*** Extracted entries

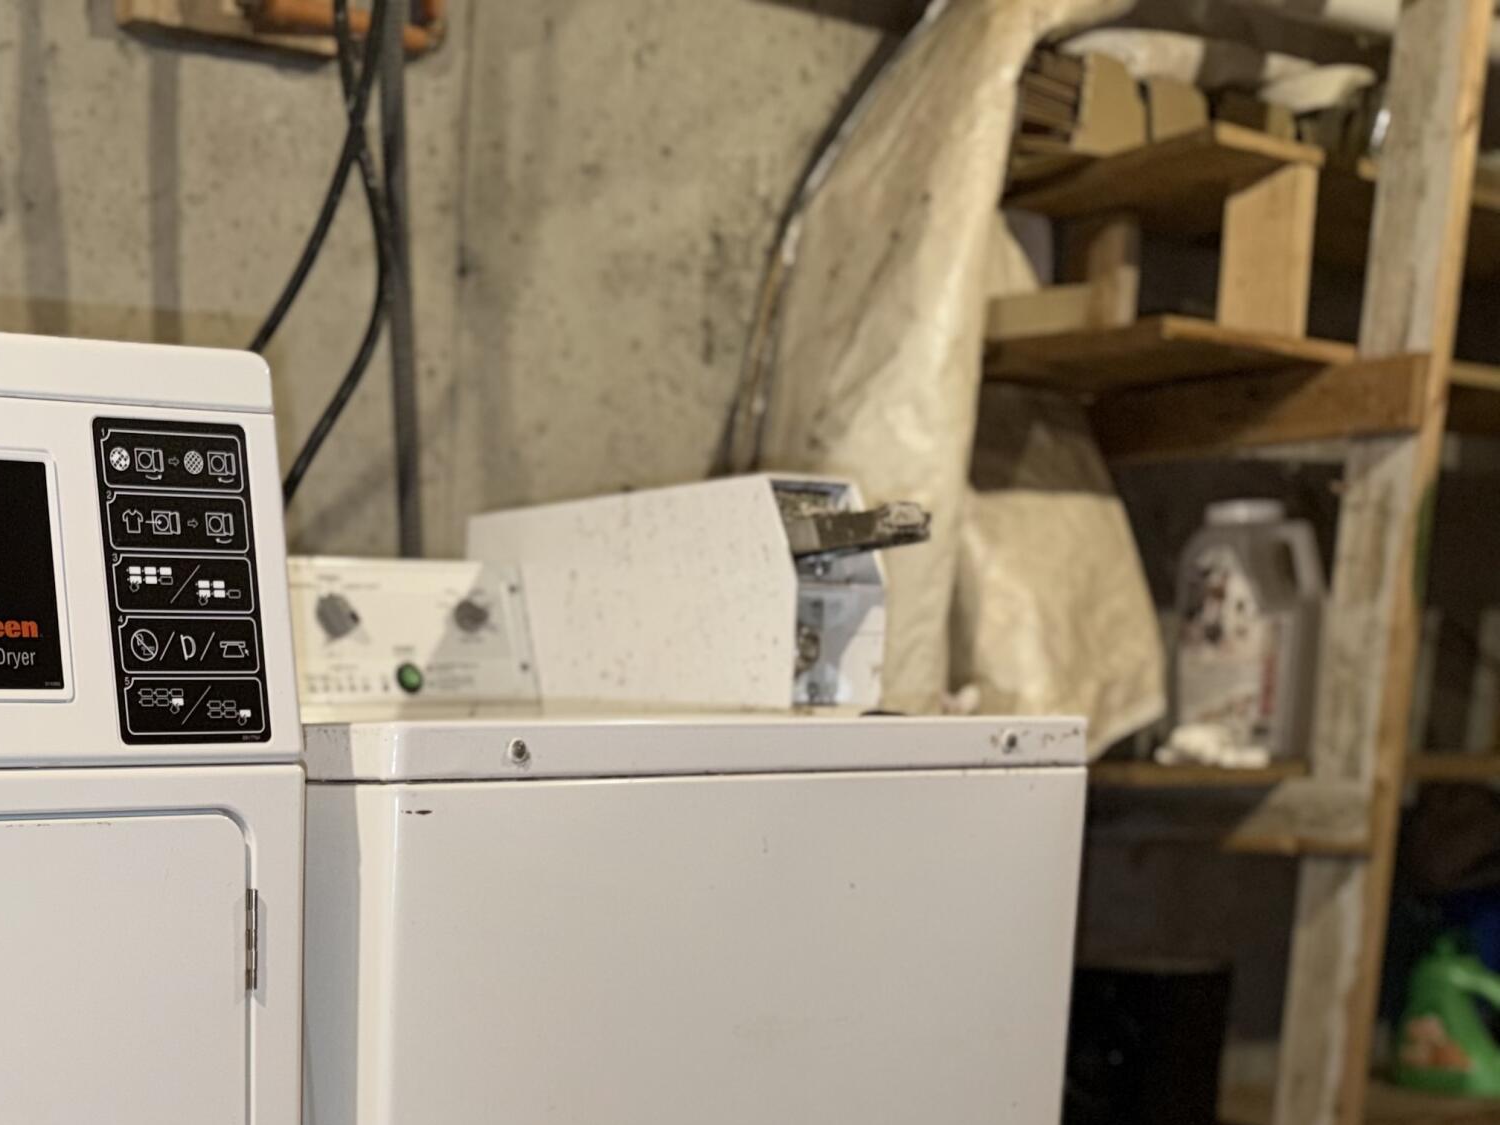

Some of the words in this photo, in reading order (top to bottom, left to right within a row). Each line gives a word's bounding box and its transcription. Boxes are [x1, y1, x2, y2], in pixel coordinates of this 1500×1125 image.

[106, 491, 112, 500] 2
[112, 554, 118, 562] 3
[118, 615, 124, 623] 4
[124, 677, 130, 686] 5

******

• [Directions]: Any picture in the material is to be left out, and everything else is to be retyped as is.

• [Written solution]:
Some of the words in this photo, in reading order (top to bottom, left to right within a row). Each line gives a word's bounding box and its transcription. Boxes are [x1, y1, x2, y2], in pixel coordinates of this 1500×1125 image.

[106, 491, 112, 500] 2
[112, 554, 118, 562] 3
[118, 615, 124, 623] 4
[124, 677, 130, 686] 5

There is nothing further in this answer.